▶ WHAT YOU HAVE TO DO: Please set down each of the lines below once more, exactly, omitting all pictures.

▶ DATASET:
------------------------------

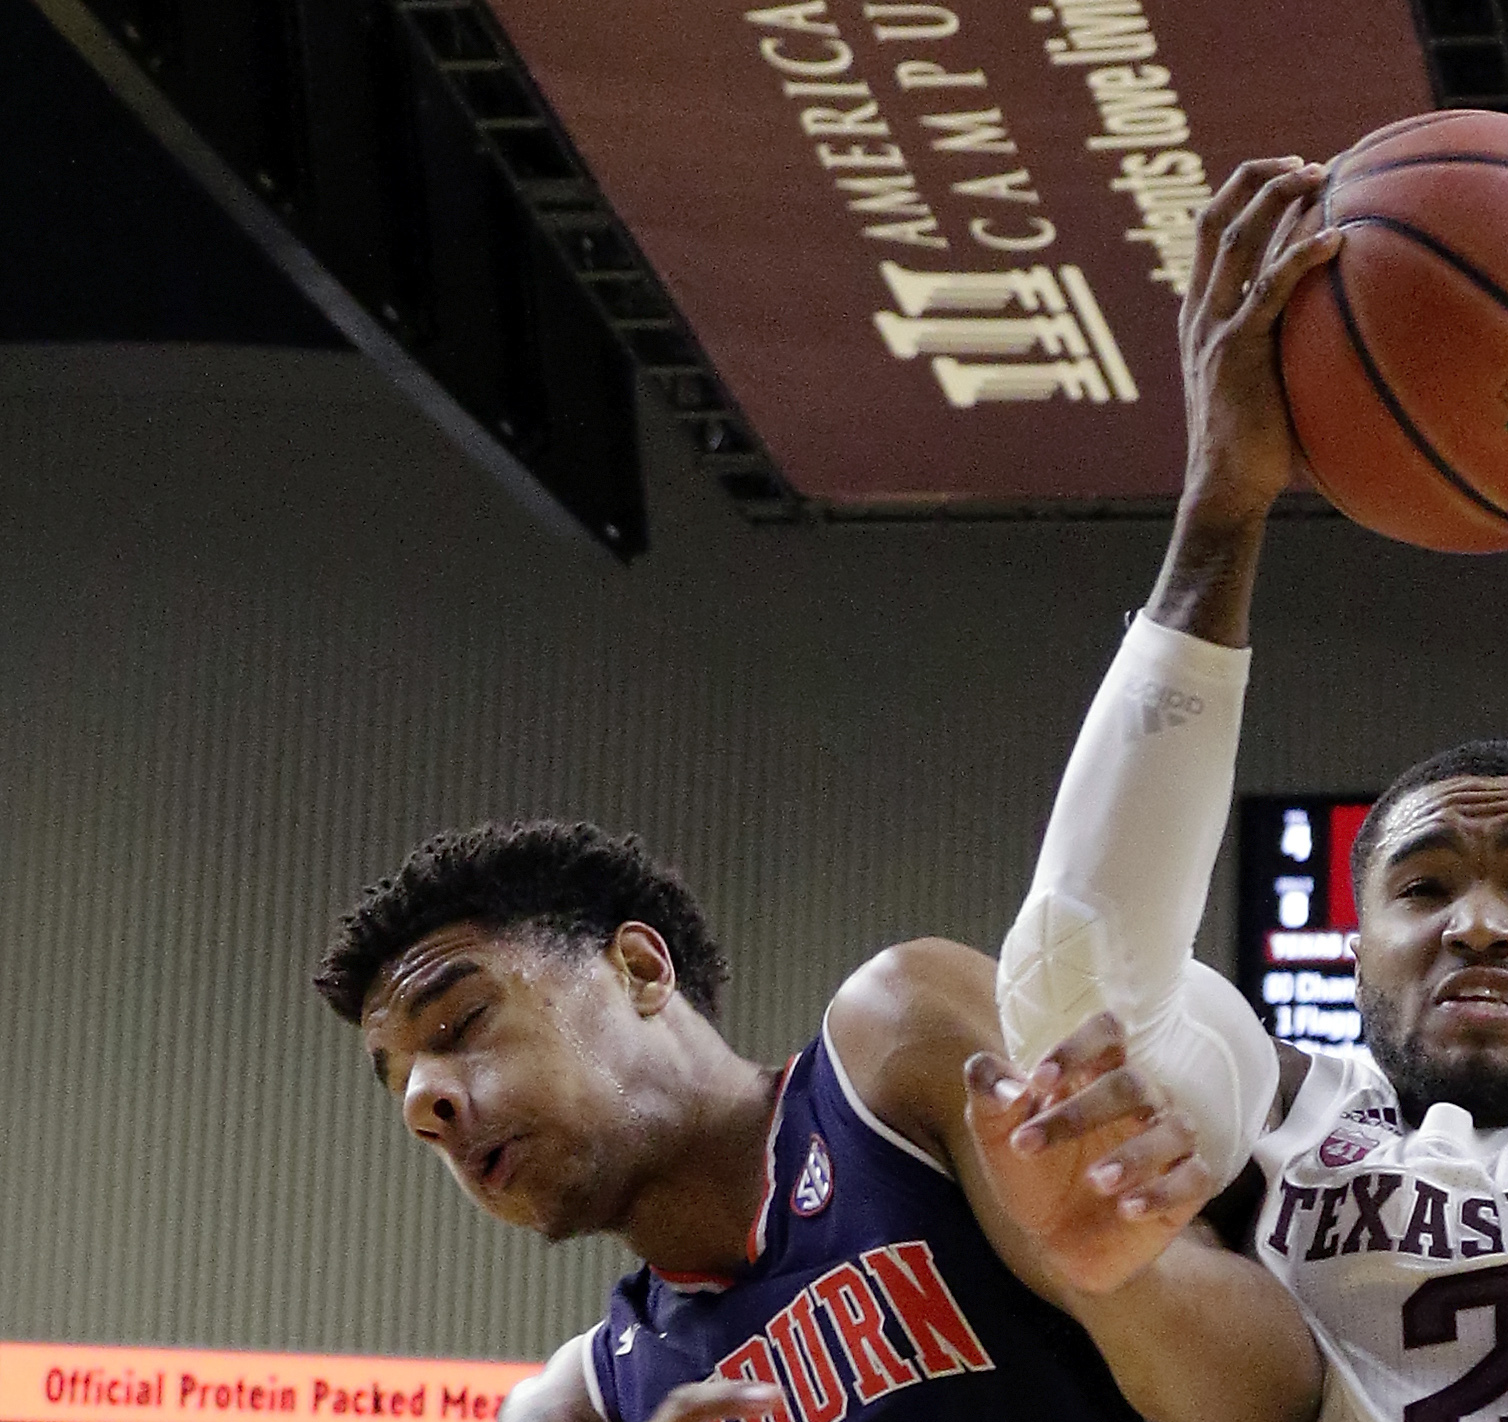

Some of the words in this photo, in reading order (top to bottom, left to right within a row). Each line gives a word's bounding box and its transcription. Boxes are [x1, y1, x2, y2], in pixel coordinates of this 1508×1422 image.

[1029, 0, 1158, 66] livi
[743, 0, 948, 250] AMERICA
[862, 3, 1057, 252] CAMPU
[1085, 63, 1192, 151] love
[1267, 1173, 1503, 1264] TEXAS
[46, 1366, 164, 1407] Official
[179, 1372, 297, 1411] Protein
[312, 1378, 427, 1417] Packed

------------------------------

▶ ANSWER TO THE EXERCISE:
Some of the words in this photo, in reading order (top to bottom, left to right within a row). Each line gives a word's bounding box and its transcription. Boxes are [x1, y1, x2, y2], in pixel coordinates of this 1508×1422 image.

[1029, 0, 1158, 66] livi
[743, 0, 948, 250] AMERICA
[862, 3, 1057, 252] CAMPU
[1085, 63, 1192, 151] love
[1267, 1173, 1503, 1264] TEXAS
[46, 1366, 164, 1407] Official
[179, 1372, 297, 1411] Protein
[312, 1378, 427, 1417] Packed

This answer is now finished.